The mystery from then on,
became a question of how this "I" had orginated and
from where it continued to spring. The old way of thinking, that
I could be a separate consciousness in a separate mind and body,
was far too painful to accept. This was the way I had been
taught, the way of my father and of everyone else by whom I had
measured myself; this was the way of contraction and
confrontation and endless self-torture. There had to be another
explanation.
This led to six years of
obsessive reading.

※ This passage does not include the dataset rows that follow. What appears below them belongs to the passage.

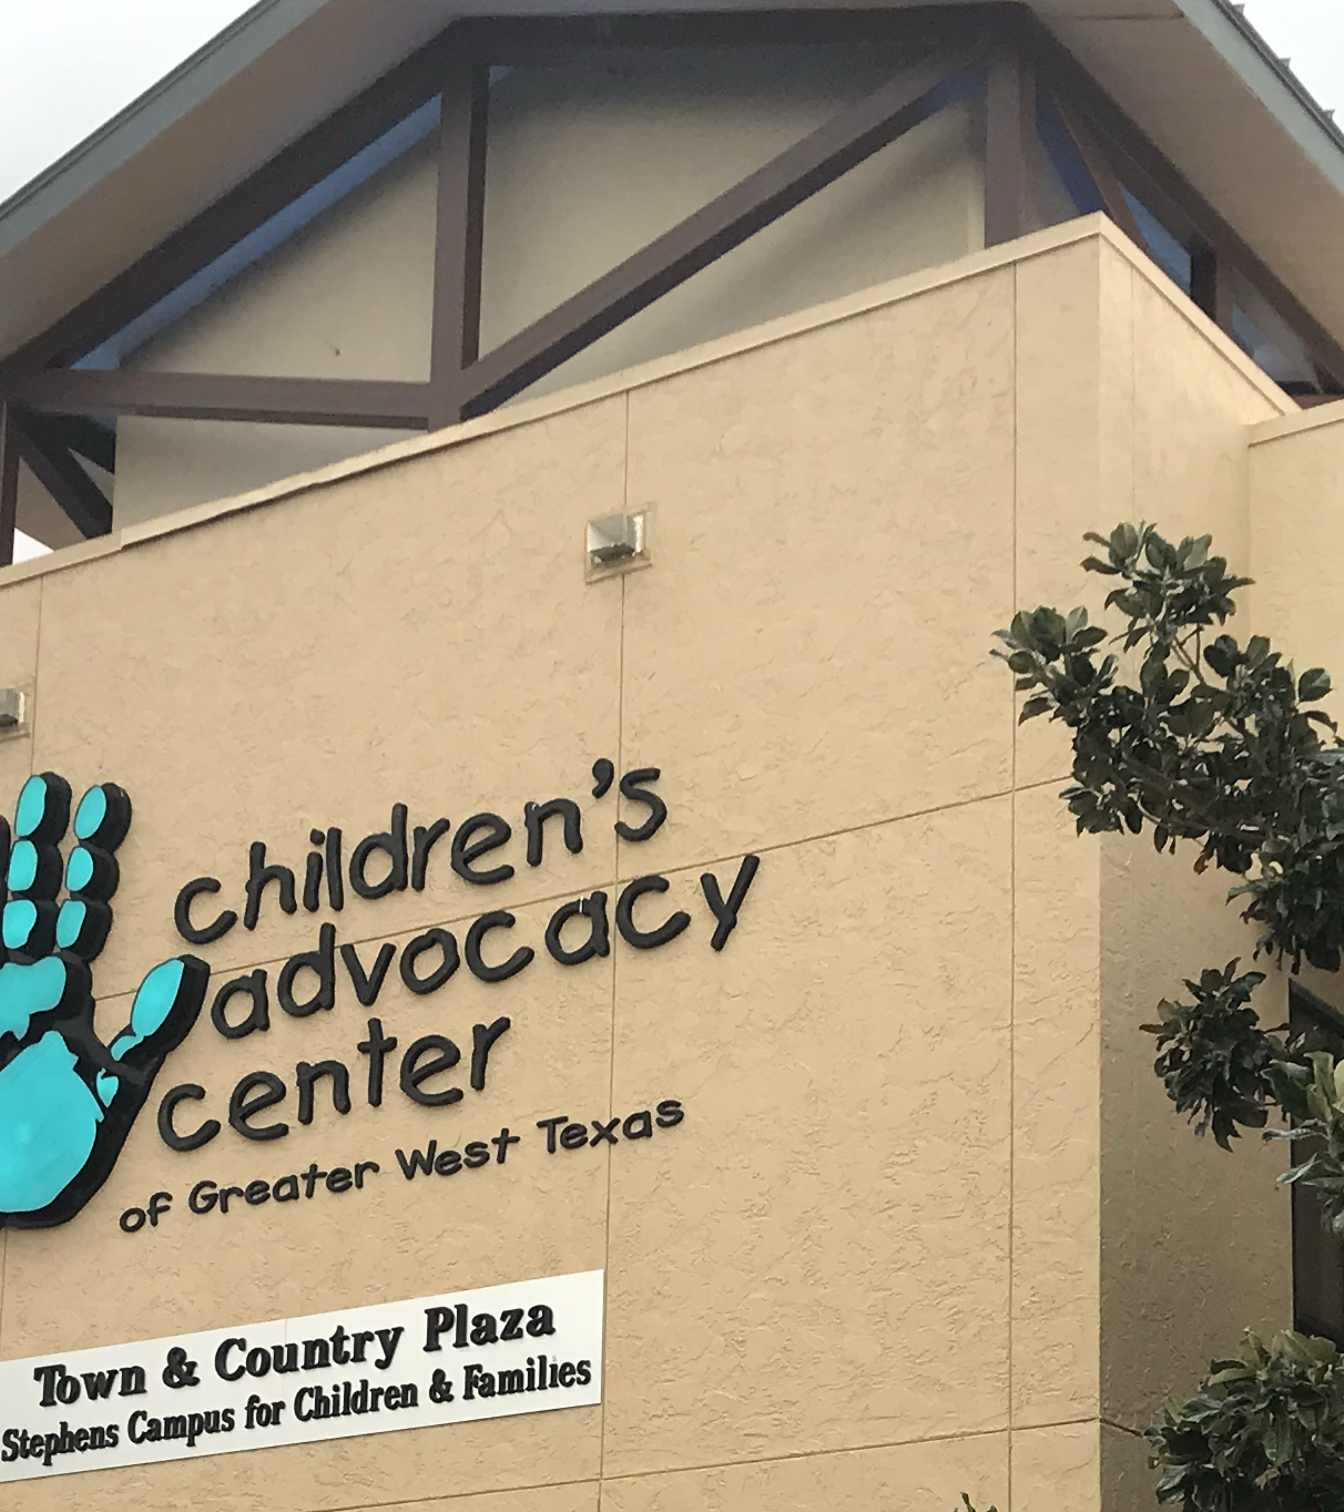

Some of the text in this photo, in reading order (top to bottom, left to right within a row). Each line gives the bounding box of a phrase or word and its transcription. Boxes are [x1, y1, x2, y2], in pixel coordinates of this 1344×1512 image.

[174, 758, 667, 944] children's
[210, 854, 760, 1039] advocacy
[157, 1017, 511, 1152] center
[119, 1098, 685, 1233] of Greater West Texas
[0, 1354, 592, 1465] Stephens Campus for Children & Families
[33, 1302, 556, 1407] Town & Country Plaza

I wanted to investigate the unspoken hunch I
had had since my LSD days in the Sixties, one that had previously
manifested as fear, and one that had been resurrected during the
Campbell interview: namely, that all the major religions carried
at their root an identical message, one so clear and so basic
that words were unnecessary for its realization. I suspected that
my perception of the world and my so-called place in it were
illusory, that reality wasn't what I and most everyone else had
thought. It was as if humankind were the recipient of a hoax the
universe had conspired to play on itself. And it was clear
that my life thus far had been a fight against the revelation of
this knowledge, holding on, as it were, to the lies I had been
handed, lashing out to avoid the truth.
I read Buddhist texts. I
read Gurdjieff and Ouspensky. I read all I could find on the
Christian mystics. I devoured Hafiz and Rumi, then launched
myself into the work of the great Indian sages. I found Wei Wu
Wei, then returned to Buddhism and dug in for the long haul. I
was determined to sort this out, this mystery at the heart of the
matter.
And then one day I read
an article by Douglas Harding about his so-called
"headlessness," and something snapped. Seeing Who we
are, Harding pointed out, was elementary, so easy we miss it, and
in failing to recognize it we erect philosophical and religious
structures of monumental proportions, thereby concealing it all
the more. And all the while it is right Here, closer than close.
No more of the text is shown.